After years of pressure, in late 2024, Agriculture Cabinet Secretary Mutahi Kagwe announced the immediate withdrawal of 77 pesticide active ingredients from the Kenyan market and restrictions on 202 products.

An additional 151 products are under review, with decisions expected by December 2025.

"Following scientific assessments and stakeholder consultations, we have identified certain active ingredients and associated end-use products that pose unacceptable risks to human health, crops, livestock and the environment," Kagwe stated.

The Ministry also implemented Shollei's key demand: all pest control products seeking registration in Kenya must now also be registered in their country of origin.

However, Kagwe's most significant revelation was his acknowledgement of organised criminal resistance to reform: "Powerful pesticide cartels are undermining Kenya's efforts to eliminate banned agrochemicals and enforce food safety. The cartels are fighting back, bribing officials, infiltrating institutions and manipulating the media to resist reforms."

The information war

"The local vernacular stations have 98 per cent reach, so even farmers on their farms are being told how good this thing is.

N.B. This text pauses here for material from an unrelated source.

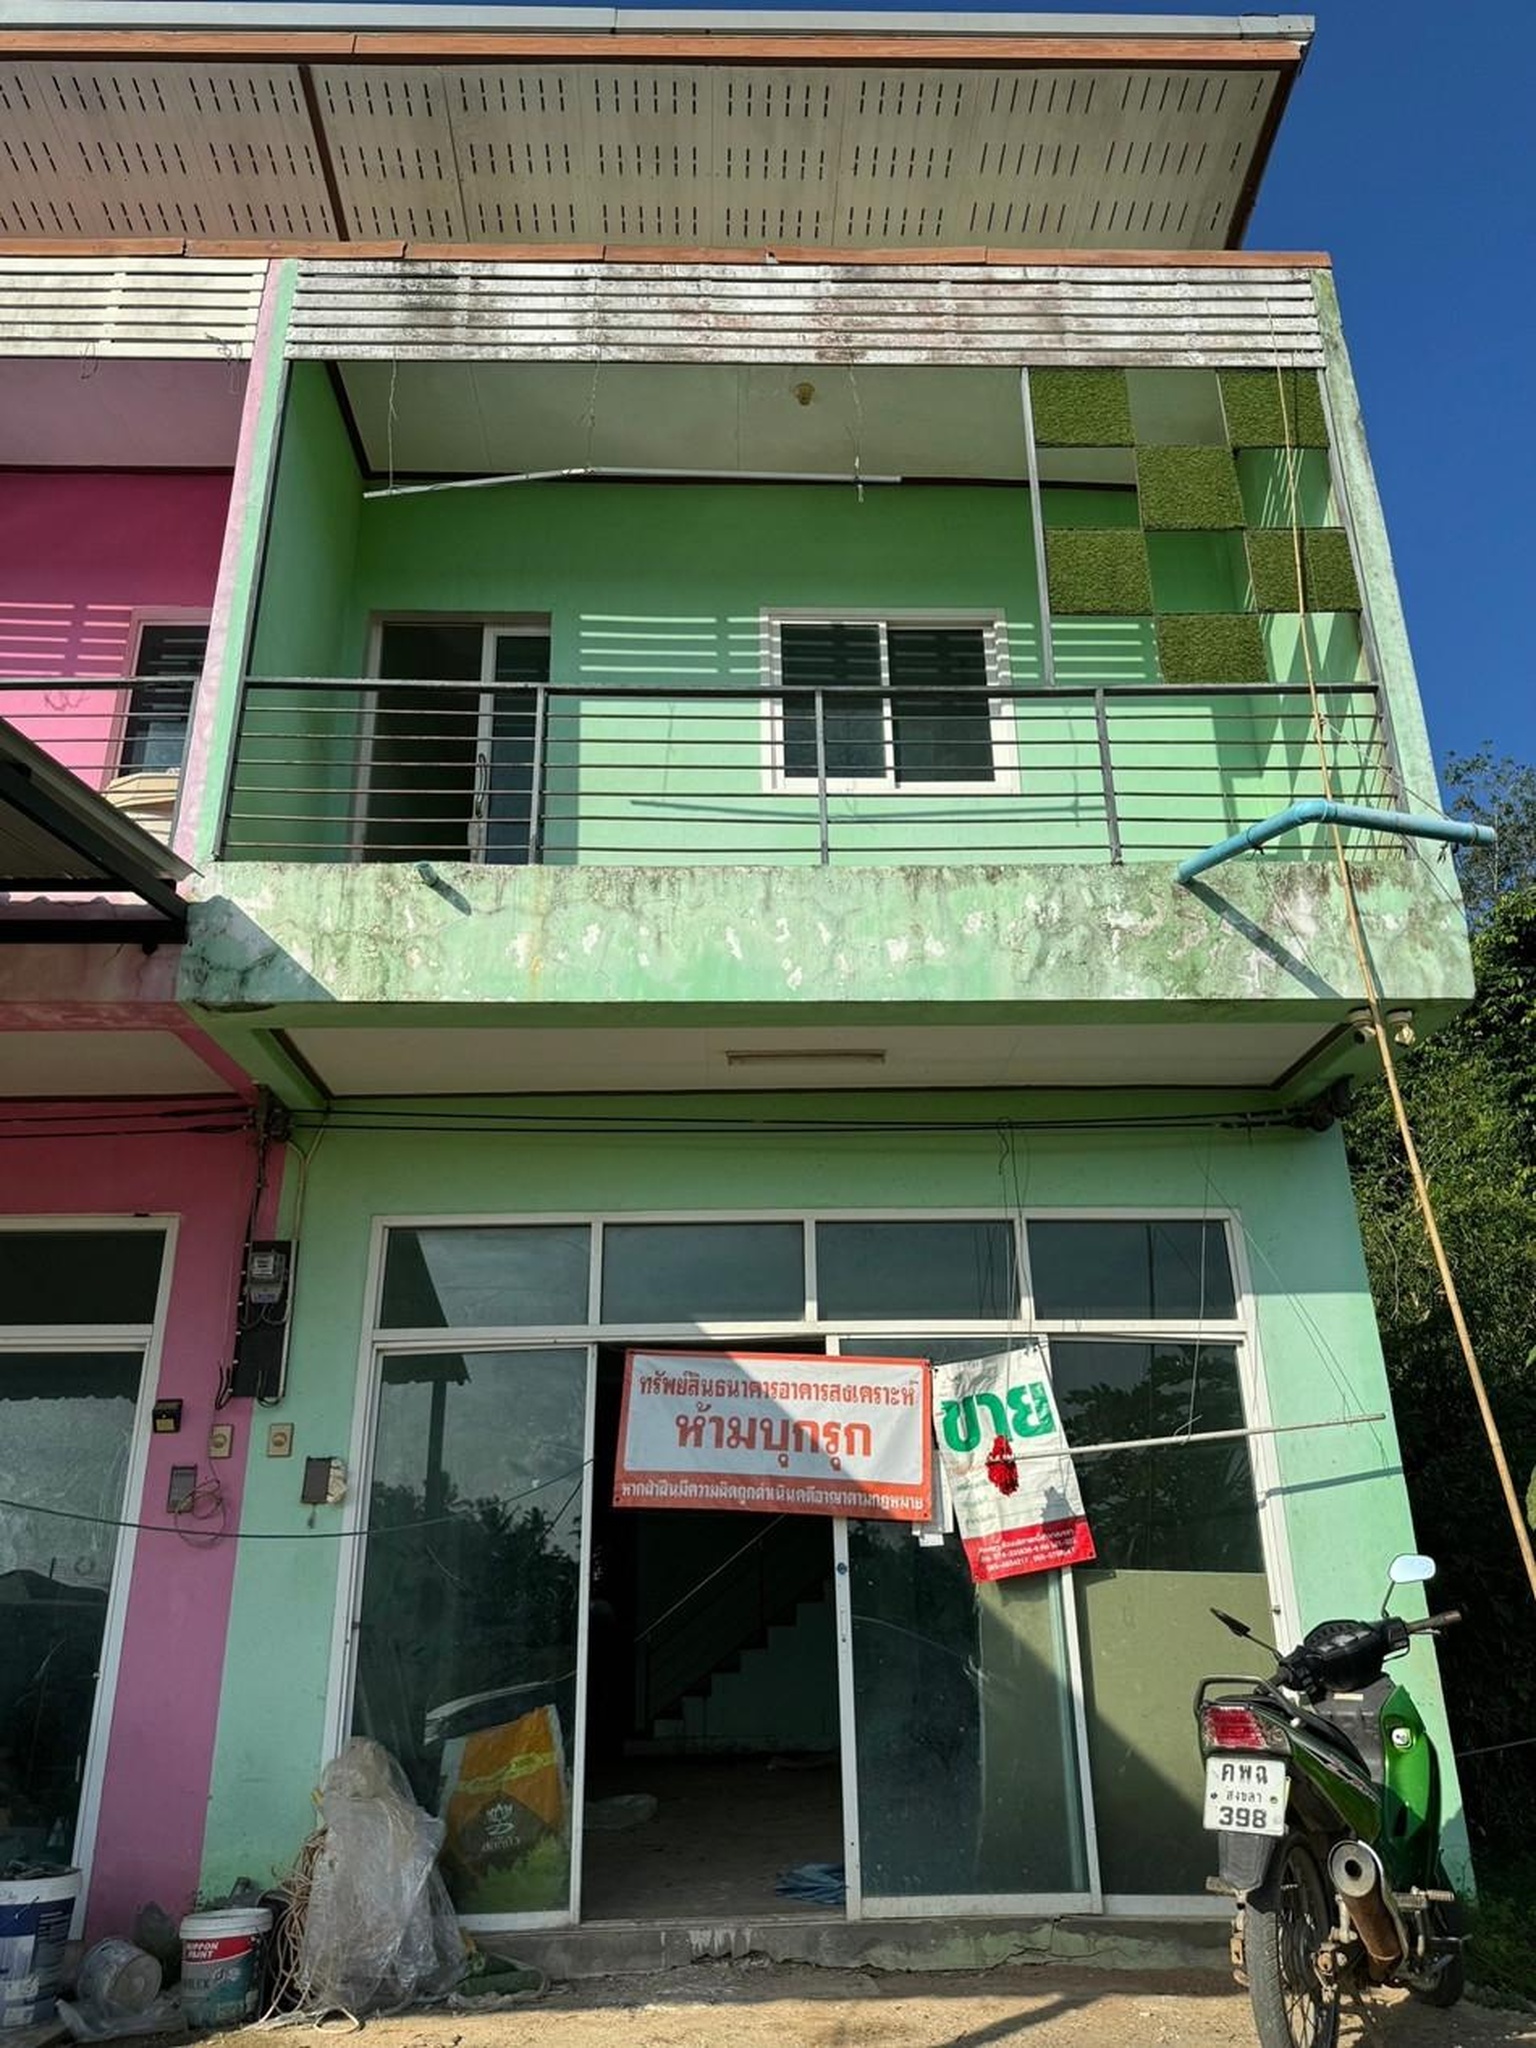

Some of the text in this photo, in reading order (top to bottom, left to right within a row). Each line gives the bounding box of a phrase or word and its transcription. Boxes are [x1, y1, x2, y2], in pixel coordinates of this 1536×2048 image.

However, I've not heard an advertisement that says it's harmful," Shollei observes.

This information asymmetry keeps workers and farmers ignorant of the risks they face daily. Whilst agrochemical companies flood vernacular radio with safety claims, independent voices warning of health risks are systematically excluded.

The industry's influence extends to agricultural education and research, creating a system where workers receive one-sided information about pesticide benefits while remaining ignorant of documented health risks.